In A D Bly Groundworks and Civil Engineering Limited and CHR Travel Limited v HMRC [2025] EWCA Civ 1443, the Court of Appeal (CoA) found that deductions for unfunded pension provisions were disallowable because the arrangements were primarily tax-driven rather than a genuine pension scheme. 

Pensions piggybank

  • A D Bly Groundworks and Civil Engineering Ltd and CHR Travel Ltd (the appellants) were profitable businesses that entered into an Unfunded Unapproved Retirement Benefit Scheme (UURBS), provided by a promoter and registered under the Disclosure of Tax Avoidance Schemes (DOTAS) rules.
  • Under the UURBS, the appellants promised to provide key employees with Pension payments in the future.
  • The contributions to the UURBS were calculated by a third-party remuneration consultant based on the estimated pre-tax profits of the businesses for the year. The contributions were set at between 80% and 100% of those profits.
  • The appellants each claimed a Corporation Tax deduction in respect of the contributions which totalled approximately £5m.
  • HMRC disallowed the pension contributions on the basis that either:
    • They were not incurred Wholly and exclusively for the purposes of the trade.
    • As the contribution was unpaid and no benefits were provided from it, it was disallowable.
  • The appellants appealed to the First Tier Tribunal (FTT), which dismissed the appeal.

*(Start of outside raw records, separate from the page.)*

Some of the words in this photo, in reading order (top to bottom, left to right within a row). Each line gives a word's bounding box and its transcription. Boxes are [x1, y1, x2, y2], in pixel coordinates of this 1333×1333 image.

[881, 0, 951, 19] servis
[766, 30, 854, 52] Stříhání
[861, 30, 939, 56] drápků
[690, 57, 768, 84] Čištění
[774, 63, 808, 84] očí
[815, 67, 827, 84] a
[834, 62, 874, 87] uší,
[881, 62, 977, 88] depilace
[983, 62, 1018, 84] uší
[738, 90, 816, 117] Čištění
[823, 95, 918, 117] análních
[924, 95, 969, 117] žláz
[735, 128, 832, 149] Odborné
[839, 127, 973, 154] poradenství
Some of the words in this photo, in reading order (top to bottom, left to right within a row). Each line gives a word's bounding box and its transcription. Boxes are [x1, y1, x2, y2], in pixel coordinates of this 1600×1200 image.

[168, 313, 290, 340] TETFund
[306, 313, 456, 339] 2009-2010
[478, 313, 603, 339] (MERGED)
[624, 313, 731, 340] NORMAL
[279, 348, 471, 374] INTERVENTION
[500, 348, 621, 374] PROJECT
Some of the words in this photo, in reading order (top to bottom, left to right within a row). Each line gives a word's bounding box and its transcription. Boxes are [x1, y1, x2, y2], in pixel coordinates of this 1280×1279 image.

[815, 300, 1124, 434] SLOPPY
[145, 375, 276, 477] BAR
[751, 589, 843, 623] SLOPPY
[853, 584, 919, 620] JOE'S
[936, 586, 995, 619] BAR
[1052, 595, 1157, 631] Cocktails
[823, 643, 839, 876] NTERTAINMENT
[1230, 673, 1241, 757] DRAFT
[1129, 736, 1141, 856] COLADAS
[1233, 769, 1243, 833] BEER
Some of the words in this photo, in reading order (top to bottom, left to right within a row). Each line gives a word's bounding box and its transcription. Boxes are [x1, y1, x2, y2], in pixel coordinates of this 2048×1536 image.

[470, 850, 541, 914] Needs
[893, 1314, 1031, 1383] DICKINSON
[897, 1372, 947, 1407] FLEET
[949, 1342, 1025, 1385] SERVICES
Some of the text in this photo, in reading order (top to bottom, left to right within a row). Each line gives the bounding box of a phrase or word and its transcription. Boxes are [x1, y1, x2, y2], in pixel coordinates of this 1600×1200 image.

The FTT found that the payments were not made wholly and exclusively for the purposes of the trade. The primary purpose of the payments was to reduce the appellants’ tax liabilities without incurring any actual expenditure.

The appeal was escalated to the Upper Tribunal (UT), which found that there was no error of law in the FTT's decision.

  • The FTT had relied on Scotts Atlantic as a summary of the principles for expenditure 'wholly and exclusively' incurred. It had not 'fact matched' to that case and had made no error of law.
  • The weight to be given to factors such as the failure to take pension advice was a matter for the FTT.
  • HMRC argued that s.1290 CTA 2009 applied, relying on NCL Investments Ltd and another (NCL).
    • The UT rejected this.
    • The Supreme Court in NCL endorsed the Court of Appeal's (CoA's) reasoning that the wording of s.1290 was inadequate to cover unfunded pension promises like UURBSs.
    • S.1290 did not disallow the deduction. 
  • The UT agreed with the FTT that the primary purpose of the arrangements was tax saving, not genuine pension provision. Provision of pensions was, at best, incidental. 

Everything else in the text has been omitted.